With the necessary authentication and routing configurations in place, you can start the PgBouncer service if it’s inactive. This step enables the connection proxy layer, facilitating efficient pooling and intelligent query routing between client applications, PostgreSQL, and Readyset.

The provisioning and configuration of the PostgreSQL primary database cluster are intentionally omitted from this guide as they fall outside the scope of this post. It is assumed that your PostgreSQL environment is already running and properly configured to serve as the authoritative source for replication and query data.
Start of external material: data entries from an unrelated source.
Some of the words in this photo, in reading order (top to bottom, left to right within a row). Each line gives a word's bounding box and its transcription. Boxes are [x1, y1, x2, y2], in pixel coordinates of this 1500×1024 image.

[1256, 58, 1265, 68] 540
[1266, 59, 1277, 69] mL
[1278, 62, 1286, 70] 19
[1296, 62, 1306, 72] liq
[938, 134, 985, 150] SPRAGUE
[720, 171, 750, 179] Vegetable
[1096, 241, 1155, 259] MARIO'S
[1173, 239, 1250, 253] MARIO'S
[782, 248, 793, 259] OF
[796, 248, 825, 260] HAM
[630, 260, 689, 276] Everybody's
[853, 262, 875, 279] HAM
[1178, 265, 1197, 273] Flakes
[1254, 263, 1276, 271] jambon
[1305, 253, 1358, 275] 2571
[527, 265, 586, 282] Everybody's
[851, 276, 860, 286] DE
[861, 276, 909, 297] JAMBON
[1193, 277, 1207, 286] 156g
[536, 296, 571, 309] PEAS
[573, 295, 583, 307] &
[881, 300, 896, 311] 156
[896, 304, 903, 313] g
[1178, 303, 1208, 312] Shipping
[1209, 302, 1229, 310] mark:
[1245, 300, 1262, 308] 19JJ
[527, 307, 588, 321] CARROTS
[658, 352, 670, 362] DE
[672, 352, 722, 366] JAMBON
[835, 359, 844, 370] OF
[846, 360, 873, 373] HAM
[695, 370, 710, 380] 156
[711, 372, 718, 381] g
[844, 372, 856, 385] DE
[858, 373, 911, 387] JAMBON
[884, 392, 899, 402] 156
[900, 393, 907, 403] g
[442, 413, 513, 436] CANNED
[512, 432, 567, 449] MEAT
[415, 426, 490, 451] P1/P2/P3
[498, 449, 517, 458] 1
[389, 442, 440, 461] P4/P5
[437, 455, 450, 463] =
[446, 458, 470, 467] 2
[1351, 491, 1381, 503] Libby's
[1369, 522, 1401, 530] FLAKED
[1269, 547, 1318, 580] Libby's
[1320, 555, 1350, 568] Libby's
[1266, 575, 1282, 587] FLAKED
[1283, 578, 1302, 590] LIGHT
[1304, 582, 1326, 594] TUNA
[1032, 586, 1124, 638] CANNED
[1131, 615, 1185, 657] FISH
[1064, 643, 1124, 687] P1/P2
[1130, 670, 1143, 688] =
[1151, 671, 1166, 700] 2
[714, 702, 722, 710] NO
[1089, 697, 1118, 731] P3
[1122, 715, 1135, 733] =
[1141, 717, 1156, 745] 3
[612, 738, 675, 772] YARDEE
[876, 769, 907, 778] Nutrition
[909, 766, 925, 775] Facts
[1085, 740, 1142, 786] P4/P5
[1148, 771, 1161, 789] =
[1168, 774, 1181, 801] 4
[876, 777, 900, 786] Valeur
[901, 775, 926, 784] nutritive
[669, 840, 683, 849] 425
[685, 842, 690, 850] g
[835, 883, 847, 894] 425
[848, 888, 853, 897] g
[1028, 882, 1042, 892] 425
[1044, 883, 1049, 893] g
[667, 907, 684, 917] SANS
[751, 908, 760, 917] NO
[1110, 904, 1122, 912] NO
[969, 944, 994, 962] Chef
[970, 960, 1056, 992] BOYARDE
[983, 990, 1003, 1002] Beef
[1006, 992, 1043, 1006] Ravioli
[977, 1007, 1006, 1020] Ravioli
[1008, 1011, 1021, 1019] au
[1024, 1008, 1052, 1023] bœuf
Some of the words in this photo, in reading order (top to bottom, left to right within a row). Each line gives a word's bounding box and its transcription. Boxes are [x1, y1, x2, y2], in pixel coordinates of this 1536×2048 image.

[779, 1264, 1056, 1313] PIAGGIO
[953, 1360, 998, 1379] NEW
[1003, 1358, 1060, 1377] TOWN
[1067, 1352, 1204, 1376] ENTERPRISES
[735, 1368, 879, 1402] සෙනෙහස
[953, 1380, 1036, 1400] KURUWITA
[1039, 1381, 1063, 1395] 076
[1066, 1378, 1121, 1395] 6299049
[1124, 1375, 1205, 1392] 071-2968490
Enter Readyset, your Replica with an Intelligent Cache

Readyset is a purpose-built caching engine explicitly designed for SQL-based databases such as PostgreSQL and MySQL. Its primary goal is to optimize read-heavy workloads by offloading recurring and computationally expensive queries from the primary database layer. Unlike traditional replicas, which mirror the entire dataset and rely on query execution against physical tables, Readyset operates as a logical cache layer, ingesting data in real time and serving precomputed query results with minimal latency.

Rather than replicating the entire data set or relying on full-page fetches, Readyset connects to the upstream database in a strictly read-only mode and consumes changes directly from the WAL (Write-Ahead Log) in PostgreSQL or binary logs in MySQL. Based on this stream of changes, it incrementally constructs and maintains partially materialized views—specialized query-based caches continuously synchronized with the source database. This architectural approach allows Readyset to respond to repetitive queries with near-instantaneous speed while reducing the load on the primary database engine.

It’s critical to understand that Readyset is not a general-purpose read replica. Instead, it is a query-aware, dynamic, and intelligent cache layer—explicitly tailored to maximize the efficiency of high-throughput, read-dominant systems. One of its key architectural advantages is support for the PostgreSQL wire protocol (Frontend/Backend Protocol), which enables full compatibility with PostgreSQL-native tools and middleware such as PgBouncer. As a result, Readyset can be seamlessly inserted into existing environments without any changes to application code or client drivers.

A core differentiator between Readyset and conventional caching strategies—such as key-value stores (e.g., Redis) or manually managed materialized views—is cache freshness. In traditional models, caches often suffer staleness due to reliance on TTLs, scheduled refresh intervals, or manual invalidation logic. These approaches risk serving outdated data and introduce complexity in the application layer. Readyset avoids these pitfalls by directly observing the transactional log stream and applying changes incrementally and continuously, ensuring that cached query results reflect the latest state of the data.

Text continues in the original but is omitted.